Data excerpts
= = = = = = =
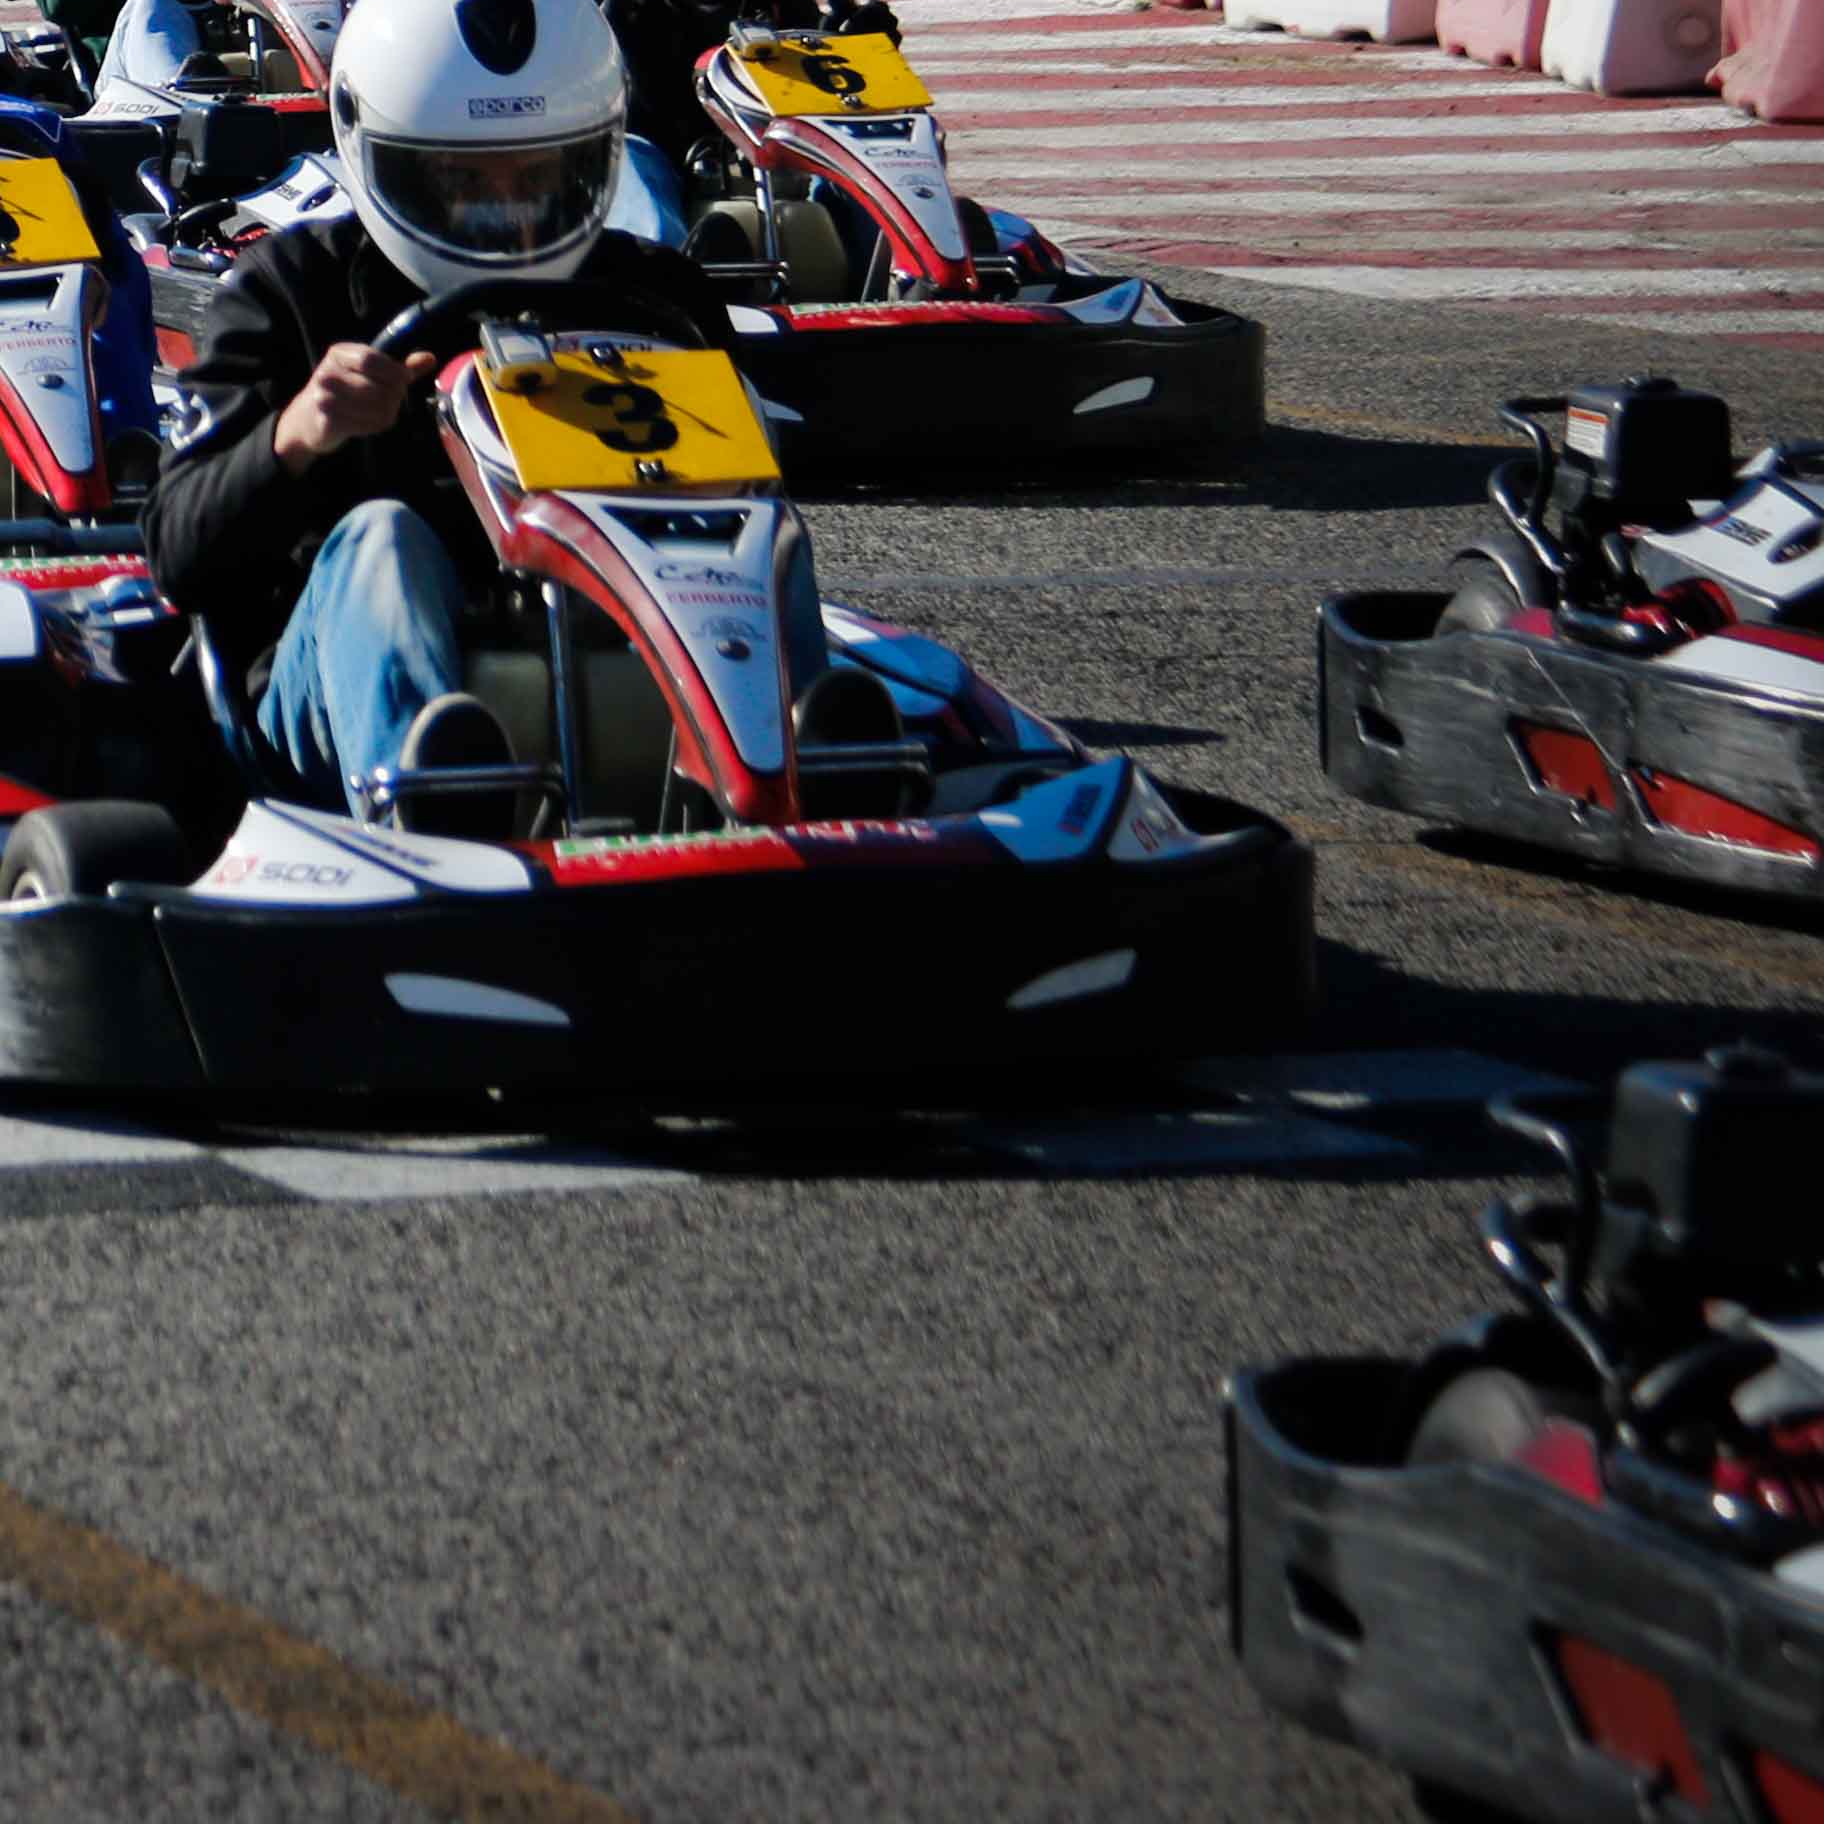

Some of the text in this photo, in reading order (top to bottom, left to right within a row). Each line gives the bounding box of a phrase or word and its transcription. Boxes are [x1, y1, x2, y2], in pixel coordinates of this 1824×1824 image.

[801, 55, 867, 96] 6
[469, 95, 545, 116] sparco
[584, 384, 681, 453] 3
[258, 860, 354, 889] SODI
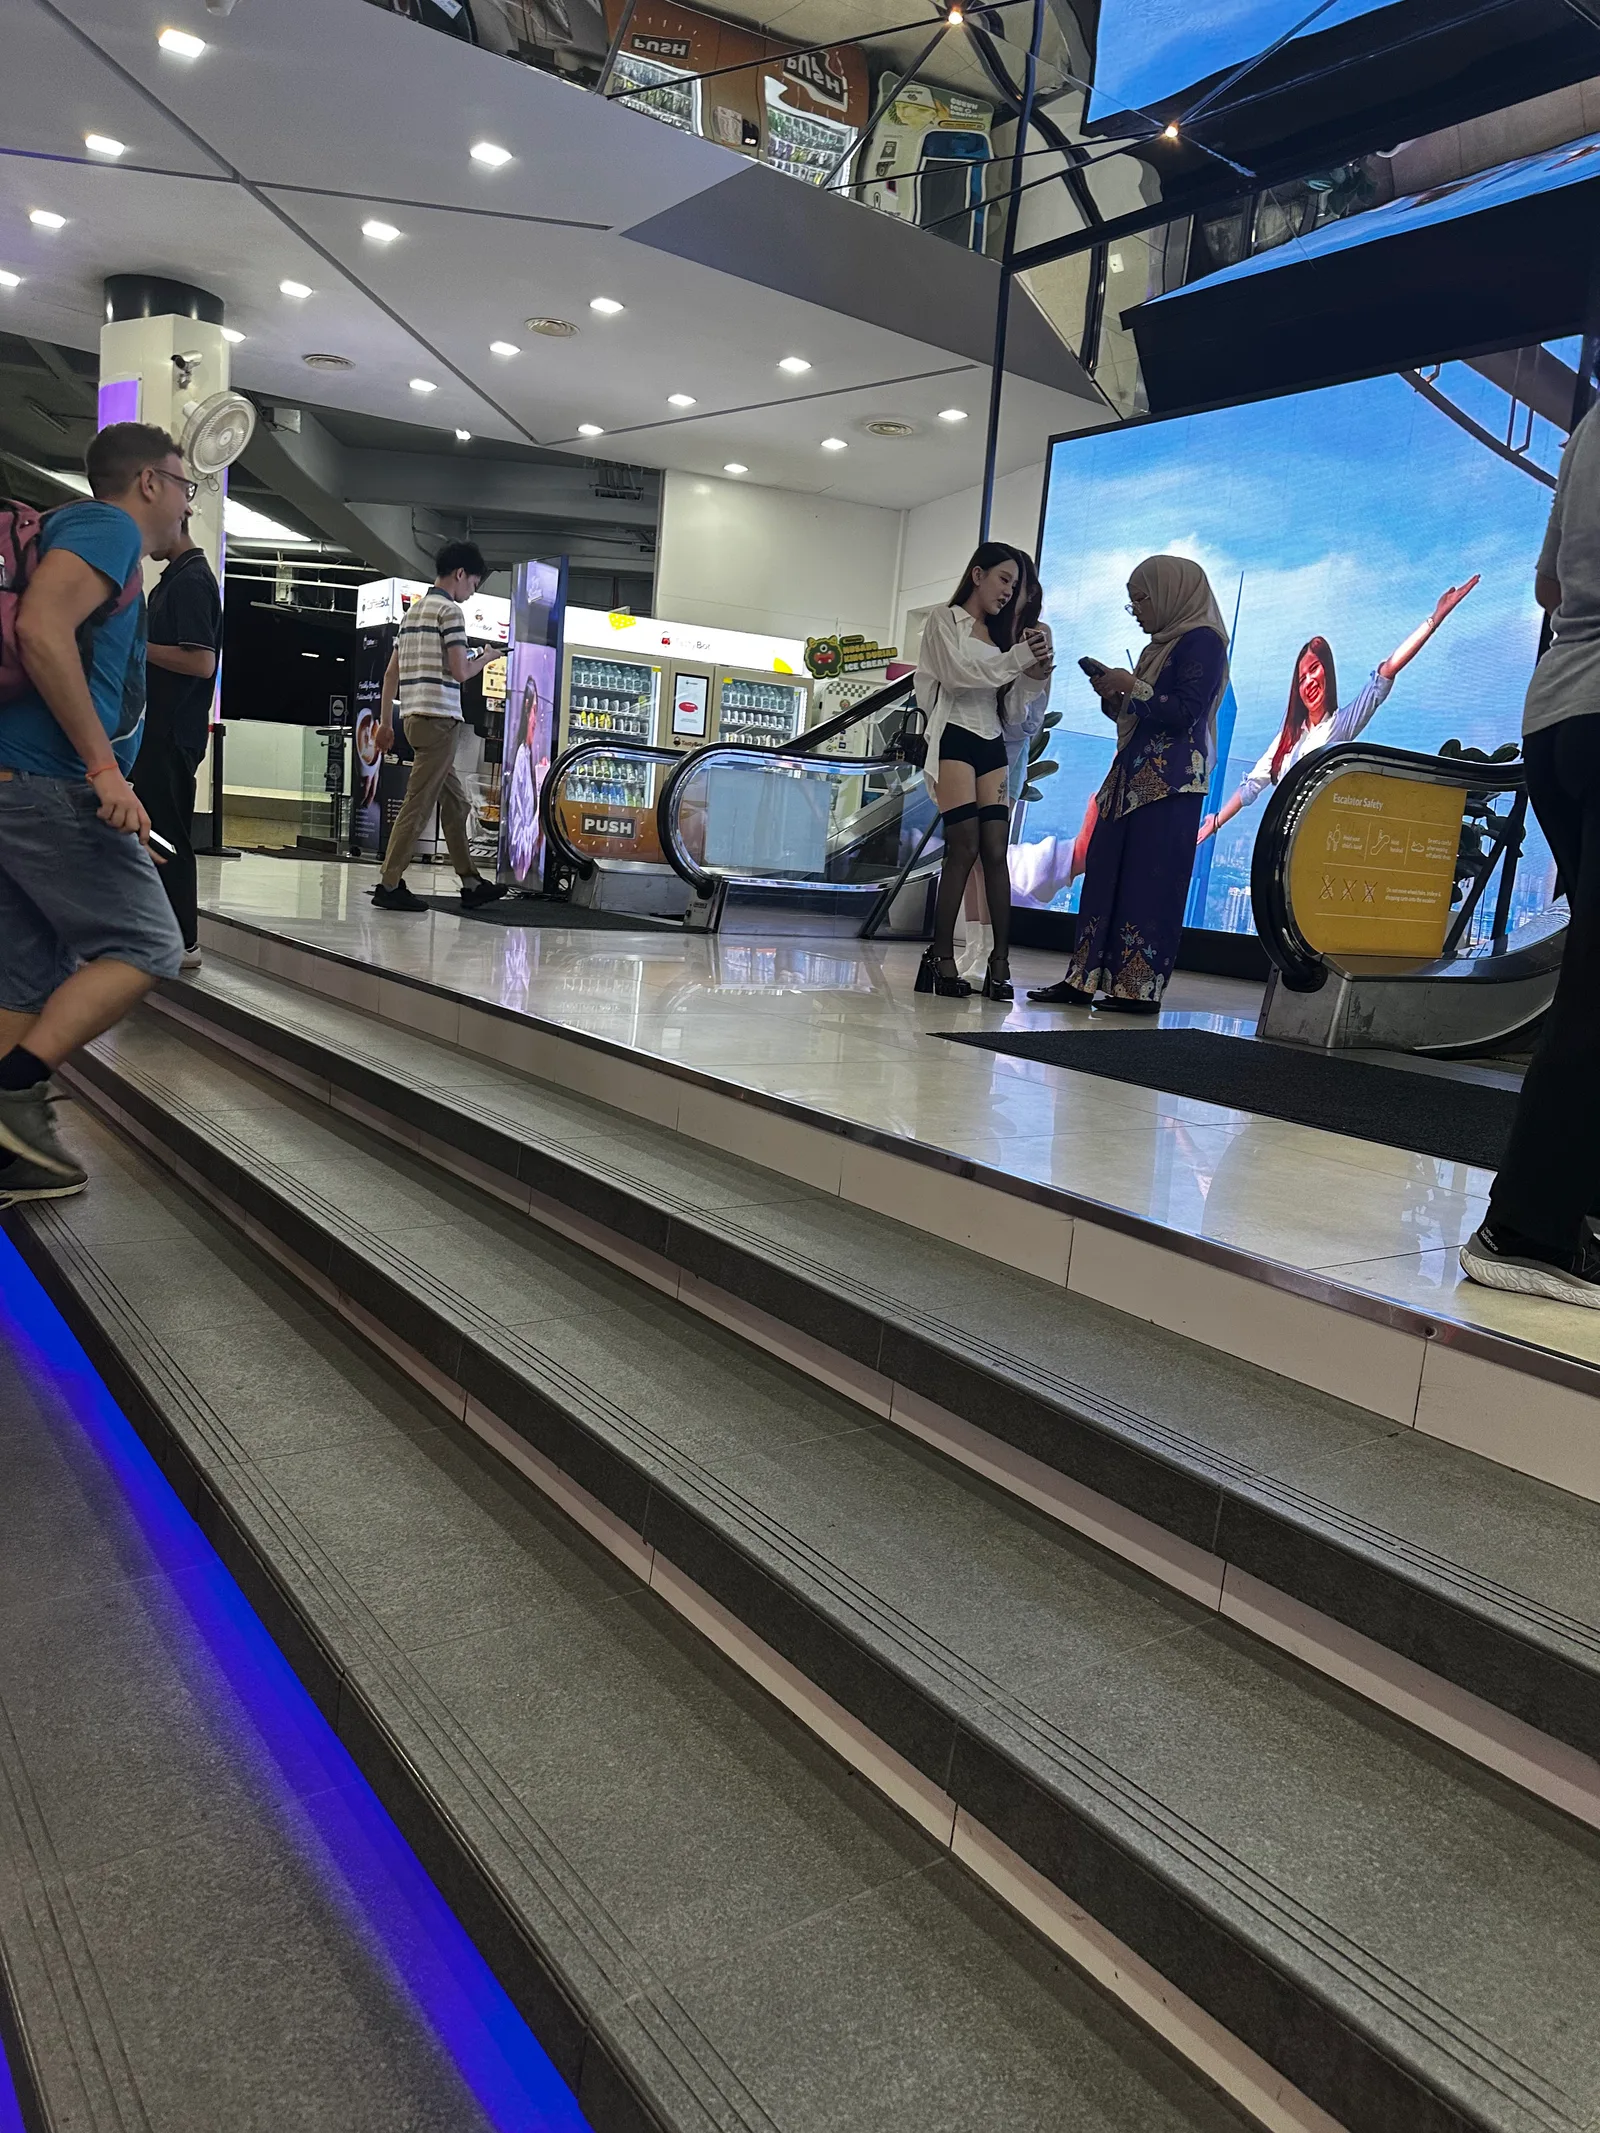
= = = = = = =
TASK ITEM = Would you write out the data exactly, with no pictures in the copy?

WRITTEN SOLUTION =
Some of the text in this photo, in reading order (top to bottom, left to right within a row). Each line gives the bounding box of a phrase or word and its transcription. Boxes are [x1, y1, x2, y2], in pixel coordinates of this 1824×1824 image.

[801, 55, 867, 96] 6
[469, 95, 545, 116] sparco
[584, 384, 681, 453] 3
[258, 860, 354, 889] SODI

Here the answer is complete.